祈祷会
ハイデルベルク信仰問答講解38

「私たちが祝福する祝福の杯は、キリストの血にあずかることではありませんか。私たちの裂くパンは、キリストのからだにあずかることではありませんか。パンは一つですから、私たちは、多数であっても、一つのからだです。それは、みなの者がともに一つのパンを食べるからです。」(Iコリント10:16-17)

(1)キリストとの結合の恵み
前回から主の晩餐の礼典について学び始めていますが、今日の第76問では、前回に続いて主の晩餐の意義が明らかにされていきます。問76「十字架につけられたキリストの体を食べ、その流された血を飲むとはどういうことですか」との問いに対してまず論じられるのは「それは、キリストのすべての苦難と死とを、信仰の心をもって受け入れ、それによって罪の赦しと永遠の命とをいただく、ということ」です。これは前の問75を要約しているもので、主の晩餐がイエス・キリストの十字架の贖いによる罪の赦しと、永遠の命の獲得であったことを再確認しています。
しかしさらに重要なこととして次のように論じられます。「それ以上にまた、キリストのうちにもわたしたちのうちにも住んでおられる聖霊によって、その祝福された御体といよいよ一つにされてゆく、ということです。それは、この方が天におられ、わたしたちは地にいるにもかかわらず、わたしたちがこの方の肉の肉、骨の骨となり、ちょうどわたしたちの体の諸部分が一つの魂によってそうされているように、わたしたちが一つの御霊によって永遠に生かされまた支配されるためなのです」。ここで大切なポイントは二つあります。その第一は、主の晩餐によって与えられる恵みは「祝福された御体といよいよ一つにされてゆく」ことである点、第二はそれが「キリストのうちにもわたしたちのうちにも住んでおられる聖霊によって」起こることである点です。まず第一の点についてですが、ここでハイデルベルクは主の晩餐によって起こることが、昇天のキリストと地上にある私たちが天と地とに分かたれているにも関わらず「いよいよ一つにされていく」ことであると説明します(第49問参照)。このキリストと一つにされていくことを教理用語では「キリストとの結合」(unio cum Christo)あるいは「キリストとの神秘的結合」(unio mystica cum Christo)と呼びます。これは私たちの救いと聖化、そして終末における完成を考える上で非常に重要なことです。私たちの信仰の歩みは、天にあるキリストとますます一つに、いよいよ一つにされていく歩みなのであり、繰り返し繰り返し主の晩餐にあずかることによって、生けるキリストにあずかることによってなっていくのだということなのです。主イエスはヨハネ福音書において言われました。「わたしの肉を食べ、わたしの血を飲む者は、わたしのうちにとどまり、わたしも彼のうちにとどまります。

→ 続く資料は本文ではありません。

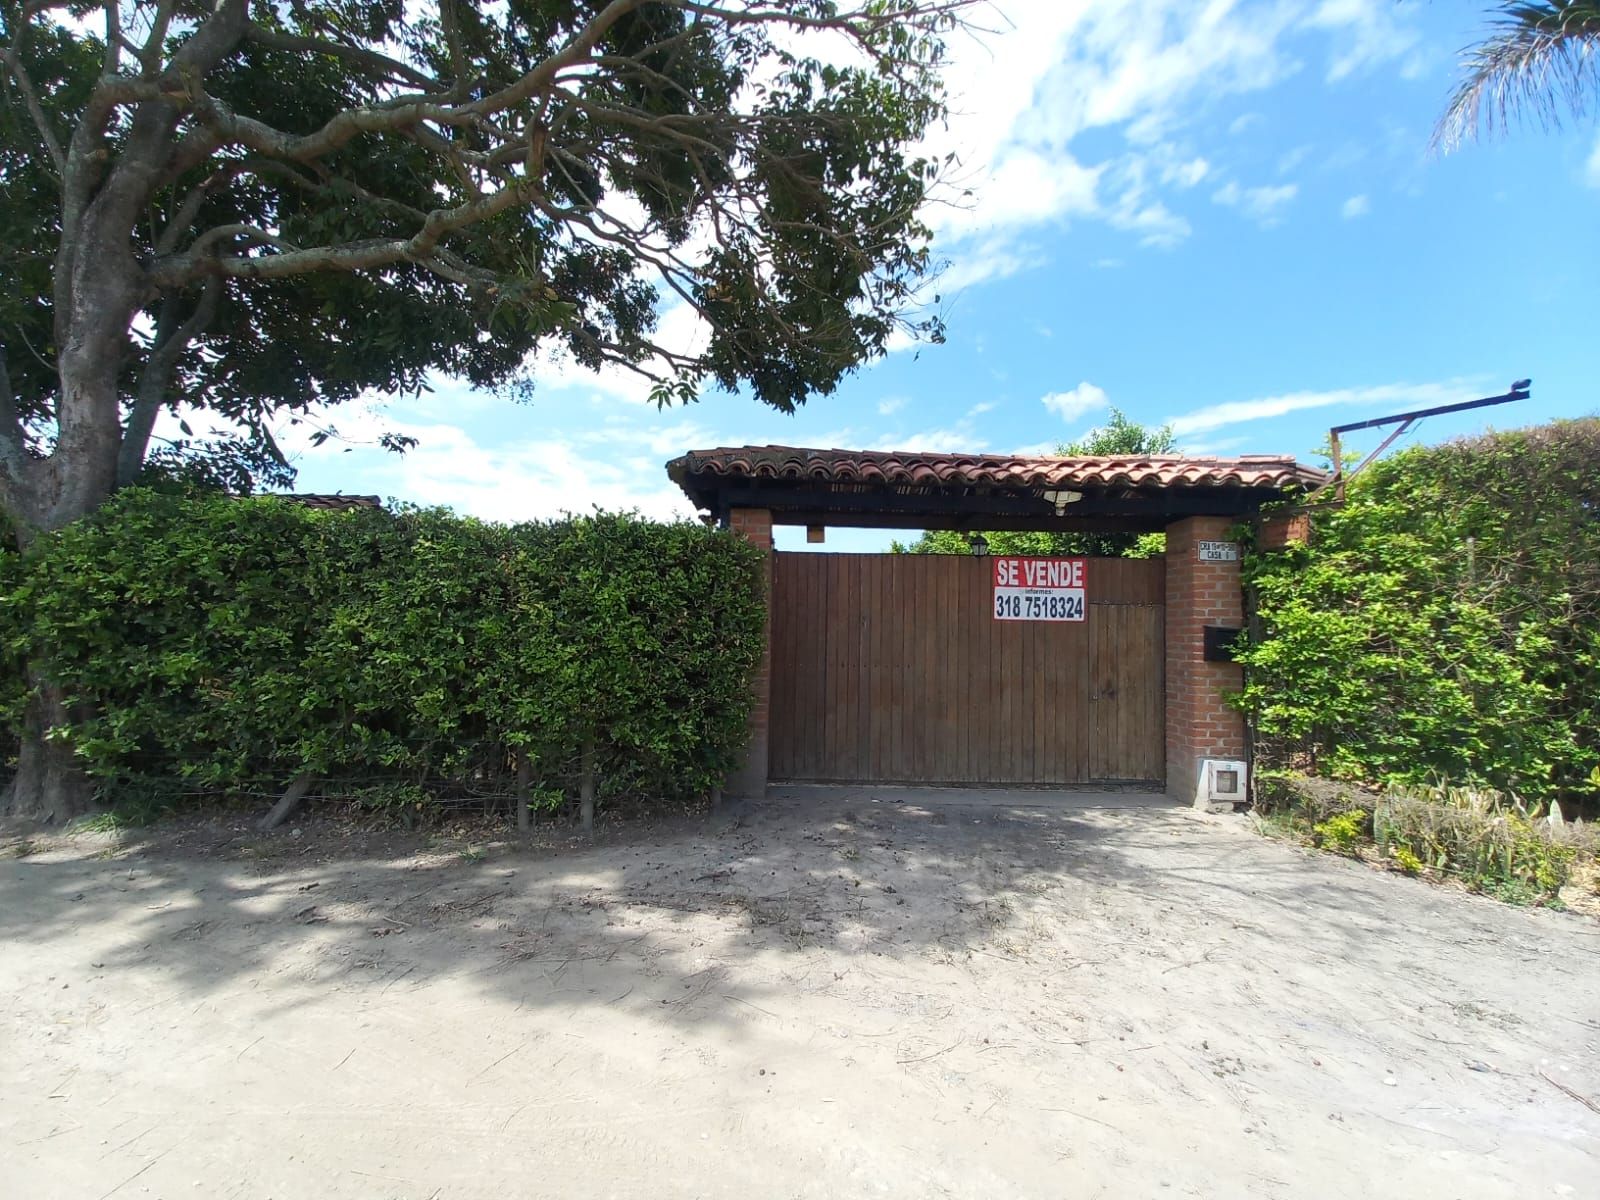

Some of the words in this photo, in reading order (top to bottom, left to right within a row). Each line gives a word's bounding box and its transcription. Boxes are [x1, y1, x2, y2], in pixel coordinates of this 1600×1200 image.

生ける父がわたしを遣わし、わたしが父によって生きているように、わたしを食べる者も、わたしによって生きるのです」(ヨハネ6:56-57)。キリストの肉と血にあずかる主の晩餐は、私たちがこの主イエスの命によって生きるための命の営みなのです。

(2)御霊による支配
第二の点は、このキリストとの結合は「聖霊なる神」のお働きによって起こるということです。救われた私たちが主の晩餐を通して天におられる生けるキリストと一つにされて行くのは、私個人としてではなく、私たちキリストのからだなる教会という一つのからだにおいて起こることです。信仰問答が次のように語る通りです。「それは、この方が天におられ、わたしたちは地にいるにもかかわらず、わたしたちがこの方の肉の肉、骨の骨となり、ちょうどわたしたちの体の諸部分が一つの魂によってそうされているように、わたしたちが一つの御霊によって永遠に生かされまた支配されるためなのです」。多様なキリストの身体なる教会が、御霊の支配のもとで、かしらなるキリストに向かってますます、いよいよ一つにされていく。花婿なるキリストと、花嫁なる教会が、あの創世記の人間創造におけるアダムとエバのように「わたしたちがこの方の肉の肉、骨の骨とな」っていくのです。このように私たちを頭なるキリストへと向かわしめ、その命にあずからせ、その命に生かすお方、それが主の晩餐において働かれる御霊なる神なのです(第54問参照)。「わたしは父にお願いします。そうすれば、父はもうひとりの助け主をあなたがたにお与えになります。その助け主がいつまでもあなたがたと、ともにおられるためにです。その方は、真理の御霊です。・・・その方は、あなたがたとともに住み、あなたがたのうちにおられるからです。・・・あなたがたはわたしを見ます。わたしが生きるので、あなたがたも生きるからです」(ヨハネ14:16-19)とあるように、この御霊のお働きの中で、私たちはキリストの命にあずかって生きる者とされるのです。

(3)御言葉による約束
続く第77問では、このように明らかにされた主の晩餐の意義が、主イエス・キリストご自身の御言葉による制定、そこにおける命令と約束に基づいていることを明らかにしています。新約聖書における最古の聖餐制定文はIコリント11章23節から26節ですが、ハイデルベルクはこの箇所とともに冒頭に記した10章16、17節も引用してキリストの約束の御言葉としています。
 主イエス・キリストが定められた主の晩餐は、単にパンとぶどう酒を食するという飲み食いの儀式にとどまるものではありません。むしろそこで起こっているのは聖霊によって生けるキリストと一つに結び合わされるという命の交わりなのです。この意義を繰り返し覚えて、この身にキリストの命を刻む者でありたいと願います。最後にこの意義についてカルヴァンの記したジュネーヴ教会信仰問答の第353問によって確認しておきましょう。「問:私たちは聖晩餐のうちに、恵みのしるしを持つだけですか。それとも、事柄そのものが私たちのうちに明示されるのですか。答:私たちの主キリストは真理そのものであられますから、私たちに与えたもうた約束が同時に成就するとともに、象徴には実体を伴わせたもうということを、決して疑ってはなりません。ですから、御言葉としるしとによって証しされている通り、私たちが彼の本質にあずかる者とされ、こうして彼と一つなる命に合わせられることを私は疑いません」。